PROBLEM DESCRIPTION: Without including any pictures, return the records below exactly as written.

Images for object localization:

◇ ◇ ◇ ◇ ◇

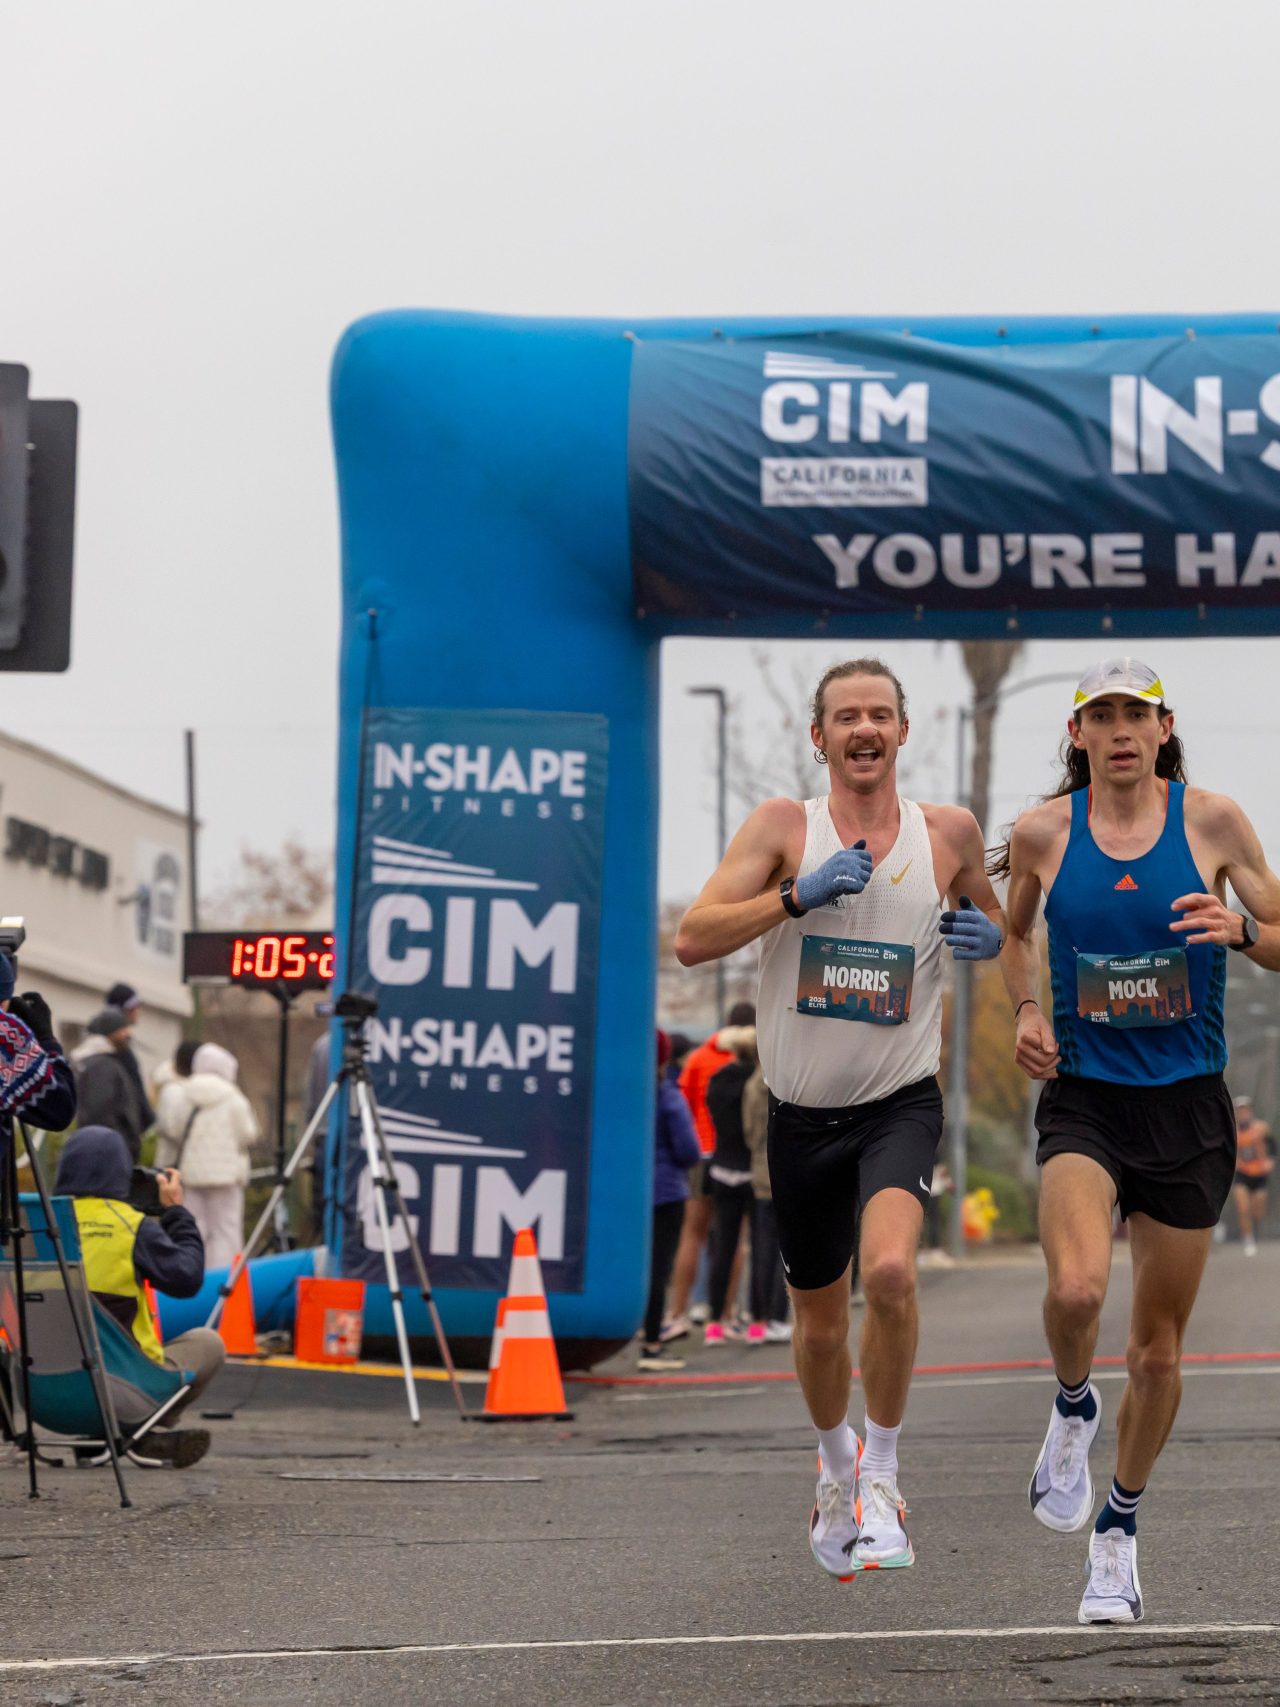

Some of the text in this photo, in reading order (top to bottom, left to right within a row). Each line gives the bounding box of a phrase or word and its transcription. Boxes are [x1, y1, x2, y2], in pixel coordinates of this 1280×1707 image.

[761, 381, 929, 443] CIM
[773, 465, 914, 484] CALIFORNIA
[812, 532, 1146, 589] YOU'RE
[373, 742, 587, 797] IN-SHAPE
[373, 794, 584, 821] FITNESS
[367, 893, 580, 993] CIM
[837, 944, 880, 955] CALIFORNIA
[823, 965, 889, 992] NORRIS
[1108, 978, 1159, 1001] MOCK
[388, 1069, 572, 1096] ITNESS
[356, 1160, 568, 1261] CIM

◇ ◇ ◇ ◇ ◇

ANSWER TO THE PROBLEM:
Some of the text in this photo, in reading order (top to bottom, left to right within a row). Each line gives the bounding box of a phrase or word and its transcription. Boxes are [x1, y1, x2, y2], in pixel coordinates of this 1280×1707 image.

[761, 381, 929, 443] CIM
[773, 465, 914, 484] CALIFORNIA
[812, 532, 1146, 589] YOU'RE
[373, 742, 587, 797] IN-SHAPE
[373, 794, 584, 821] FITNESS
[367, 893, 580, 993] CIM
[837, 944, 880, 955] CALIFORNIA
[823, 965, 889, 992] NORRIS
[1108, 978, 1159, 1001] MOCK
[388, 1069, 572, 1096] ITNESS
[356, 1160, 568, 1261] CIM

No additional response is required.